The US Federal Reserve threw its own fresh lifeline to Americans, with chairman Jerome Powell announcing a $2.3 trillion financing measure "to provide as much relief and stability as we can during this period of constrained economic activity."

The International Monetary Fund said 170 of its 180 members would see declines in per capita income this year -- just a few months after predictions that nearly all would enjoy growth.

"We anticipate the worst economic fallout since the Great Depression," said IMF chief Kristalina Georgieva, urging governments to provide lifelines to businesses and households alike.

- Developing world fears -

And despite hopeful signs in Western nations as well as in China, where the virus was first detected late last year, there are fears the worst is still to come in much of the developing world.

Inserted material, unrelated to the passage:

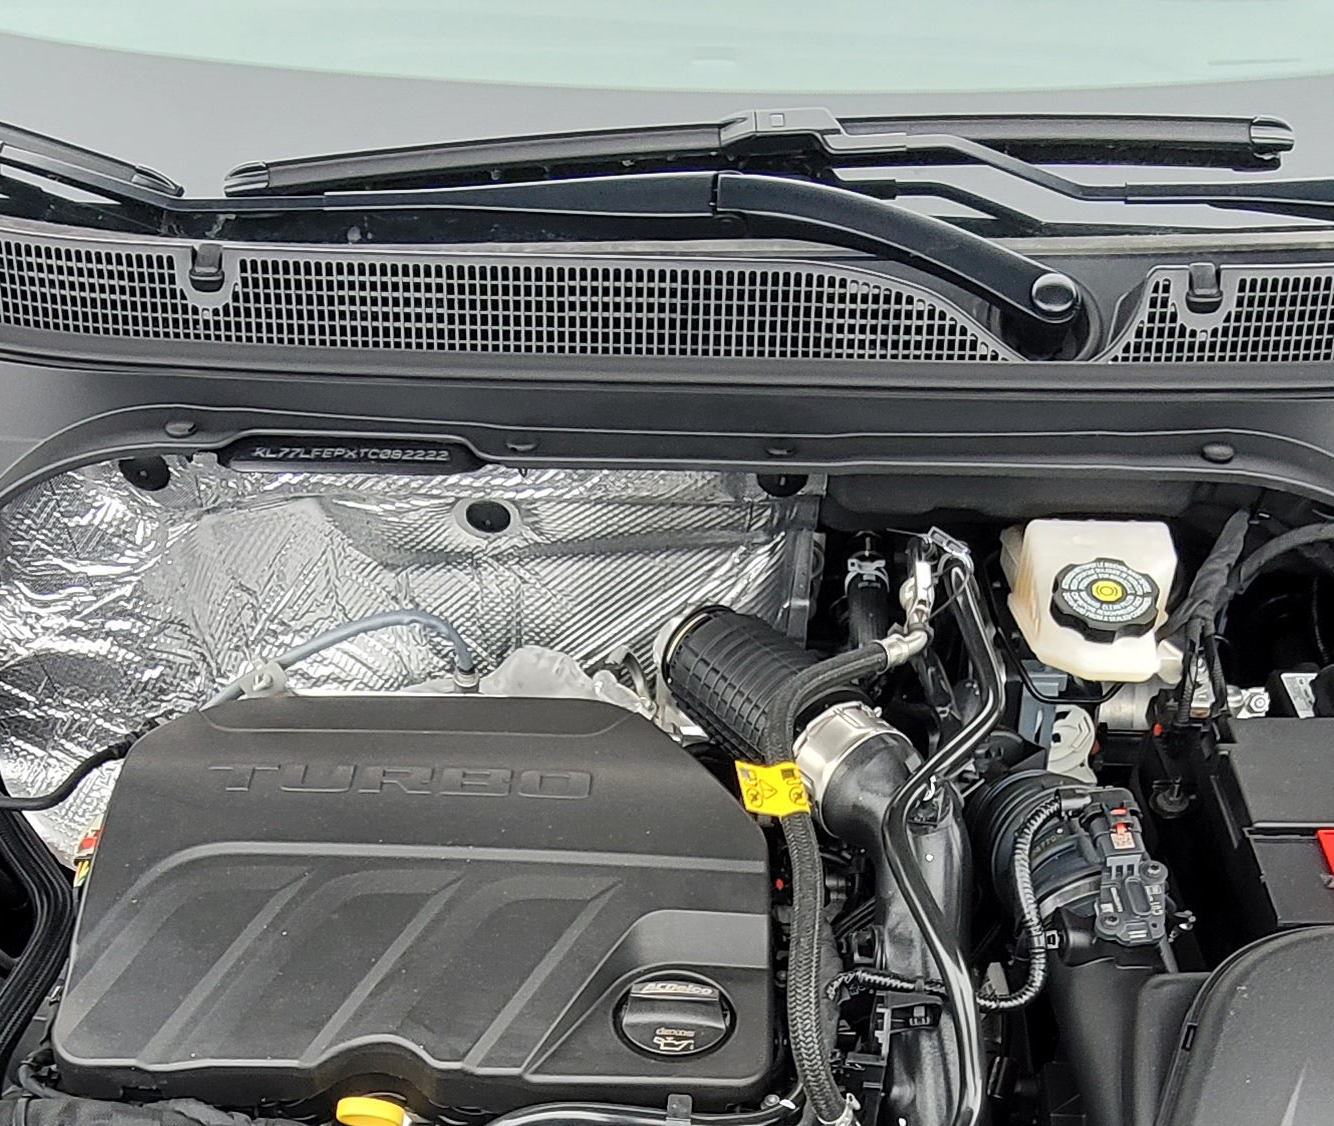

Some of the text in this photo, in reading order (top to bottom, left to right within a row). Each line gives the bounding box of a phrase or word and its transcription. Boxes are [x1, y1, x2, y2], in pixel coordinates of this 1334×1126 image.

[252, 446, 450, 461] KL77LFEPXTC082222
[208, 763, 594, 800] TURBO
[641, 983, 713, 995] ACDelco

War-torn Yemen, which has been experiencing one of the world's most acute humanitarian crises, on Friday reported its first case.

Brazilian authorities Thursday confirmed the first deaths in the favelas of Rio de Janeiro where crowding and poor sanitation have raised fears of a catastrophe.

There are similar fears in India, where hundreds of millions of poor people are becoming increasingly desperate.

"I keep hearing that the government will do this and that. No one has even come to see if we are alive or dead," Rajni Devi, a mother of three, told AFP in a slum on the outskirts of New Delhi.

In a move to build international solidarity over the crisis, Germany on Thursday led a videoconference session of the UN Security Council on the pandemic.

Secretary-General Antonio Guterres opened the session by calling the pandemic "the fight of a generation -- and the raison d'etre of the United Nations itself."

Guterres appealed for a global halt to conflicts to concentrate on the COVID-19 fight.

Saudi Arabia embraced the call by announcing a unilateral pause in its brutal offensive against rebels who control much of Yemen.

US President Donald Trump said he spoke Thursday to Saudi Arabia's crown prince, Mohammed bin Salman, and Russian President Vladimir Putin, and thought they were near a deal to end an oil price war that has thrown further uncertainties into the global economy.

OPEC announced Friday that major oil producers except Mexico had agreed to cut output.